Se cosi' funziona devi aver sbagliato le impostazioni del programma.

----------

## gatiba

Seguendo la tua procedura il cd funziona benissimo !

(Però toglimi un dubbio: anche k3b prima di scrivere file dati ne crea una immagine iso ?!)

Cosa potrebbe essere ? Una volta k3b mi funzionava benissimo   :Crying or Very sad: 

----------

## gatiba

Allora: anche se creo l'iso con mkisofs e poi la masterizzo con K3B funziona bene ...

Il problema mi si presenta appena, tramite l'interfaccia del programma, trascino i miei file sul progetto del cd e lo masterizzo: è illeggibile su qualsiasi lettore e su qualsiasi sistema operativo !

----------

## fedeliallalinea

Mi spiace io non ho mai usato k3b e non so dirti... Io ti ho dato quelle istruzioni per capire se 

era il masterizzatore che non funzionava (e non e' il tuo caso). L'unica cosa che posso dirti e 

di gardare i settaggi di k3b.

----------

## fatez

Ciao!

guarda io uso k3b da un paio di mesetti, e di devo dire la verità: non ho toccato alcun settaggio per farlo andare.

ah si una sola cosa, il driver.. ho dovuto metterlo generico poichè non esiste il driver per il mio F1.

Una pecca che ho notato da un mesetto a questa parte... lancio k3b e mi si apre tipo dopo un minuto abbondante... 

se hai bisogno di info, o screen shot non esistare. Ciao ciao

----------

## gatiba

Sono abbastanza stranito:

la stessa versione di K3B (0.8.1) sulla mia Suse funziona a meraviglia, con gli stessi settaggi di questa sulla Gentoo (in pratica i settaggi <di serie>).

L'unica differenza è che sulla Suse utilizza i cdrtools 2.0, mentre sulla Gentoo sono installati i 2.01a14 o qualcosa del genere...

Provo un downgrade e vi saprò dire !

----------

## gatiba

Risolto !

Era proprio un problema di cdrtools !

La versione 2.01a14 non funziona un cavolo, almeno sul mio pc, mentre la 2.00.3 finale masterizza come un missile !

Grazie a tutti lo stesso per l'aiuto !

----------

## cerri

Difatti era impossibile che fosse un problema di k3b...  :Wink: 

Aprirei un bugreport, cmq.

----------

## gatiba

Ehm   :Embarassed: 

Non so come dire ...

Come is apre un bug report ?! 

 :Shocked: 

----------

## cerri

https://bugs.gentoo.org  :Cool: 

----------

## gatiba

Fatto !   :Wink: 

----------

## lonkii

scusa gatiba come hai fatto as installara i cdrtools 2.0.3

io non li ho nel database.

Ho solo gli 1.* e i 2 alpha

?

ciao

----------

## gatiba

Guarda Lonkii basta che vai sul sito ufficiale dei cdrtools e li scarichi !

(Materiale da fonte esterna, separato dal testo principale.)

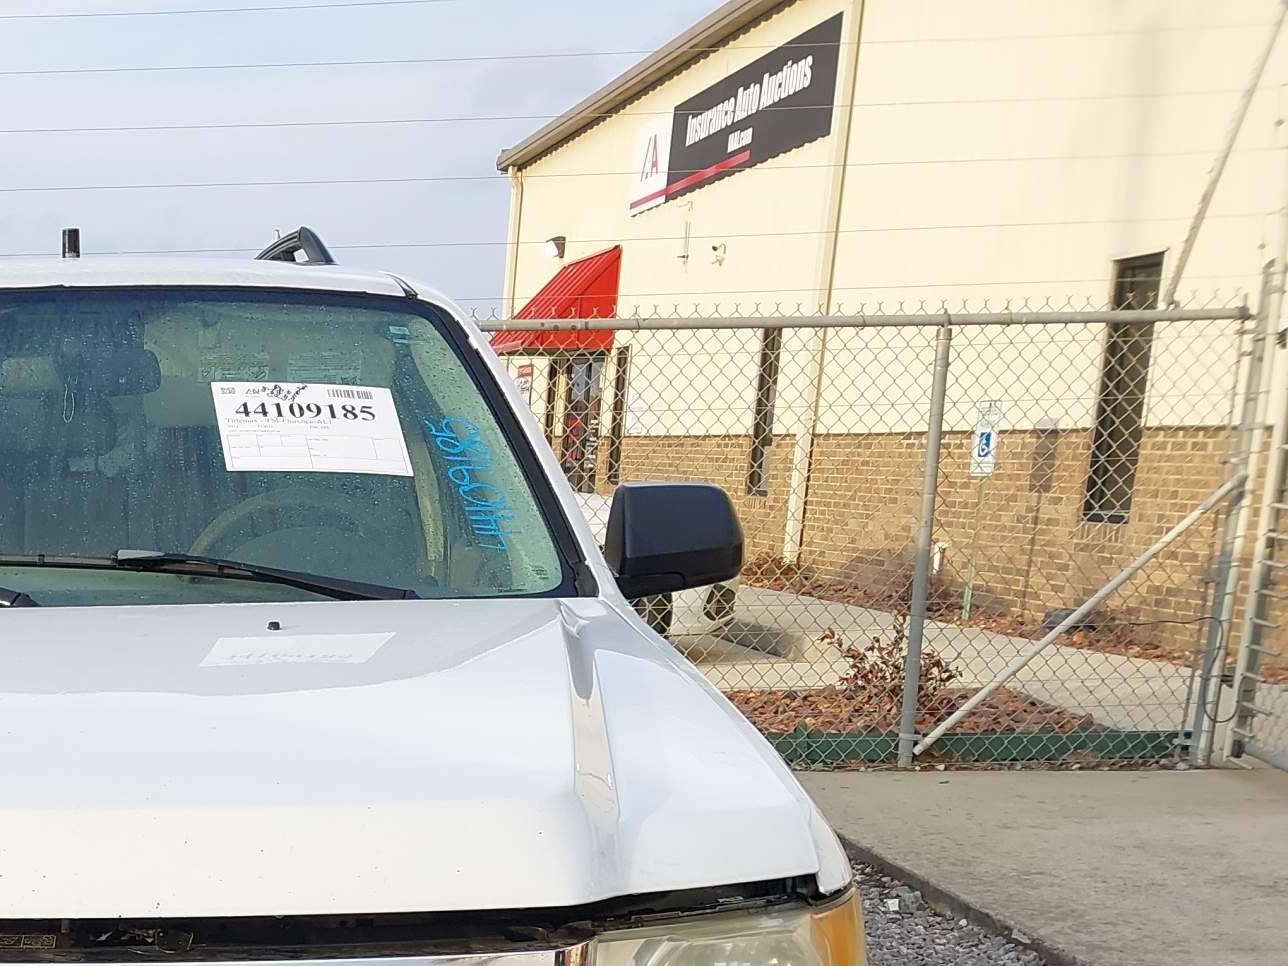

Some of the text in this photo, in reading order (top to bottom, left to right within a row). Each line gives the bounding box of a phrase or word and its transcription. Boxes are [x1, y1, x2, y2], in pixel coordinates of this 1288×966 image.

[685, 55, 814, 147] Insurance Auto Auctions
[235, 401, 376, 422] 44109185

Di default vengono installati in /opt/schily/ percui se c'è bisogno basta che fai "vedere" il percorso giusto al programma di masterizzazione (K3B li vede subito in automatico).

----------

## gatiba

Puoi trovarli qua !

http://www.fokus.fhg.de/research/cc/glone/employees/joerg.schilling/private/cdrecord.html

----------

## lonkii

ok grazie.

----------

## sciack

vi amoooooooooooooooooooooooooooooooooooooooo!!!

mi avete risolto un grandissimo problema! grazie a tutti! gatibaaaaaaaaaaaaaaaaaaaaaaaaaaa! in particolare!

 :Wink: 

scusate ma dopo aver bruciato una marea di cd.... e dopo essere arrivati alla conclusione che il problema era il mio masterizzato, con relativa decisione di cacciarlo nel cesso... immaginato un po' voi come mi sento ora che masterizza perfettamente!!! 

ancora thanks!!!! e maledetti gentooisti che cavolo che mettono le versioni alpha come se fossero stabili!   :Twisted Evil:   :Twisted Evil: 

uff

 :Wink: 

----------

## gatiba

 *sciack wrote:*   

> 
> 
> .....
> 
> ancora thanks!!!! e maledetti gentooisti che cavolo che mettono le versioni alpha come se fossero stabili!   
> ...

 

Son felice che anche tu abbia risolto il problema...   :Surprised: 

In effetti mettere versioni di sviluppo come stabili è un contro senso ...

Se voglio un sistema instabile uso ACCEPT_KEYWORDS="~x86" e corro il rischio ...   :Rolling Eyes: 

----------

## paolo

Edit: avevo capito male...

Cmq li ho appena installati  :Smile: 

ByEZz,

Paolo

----------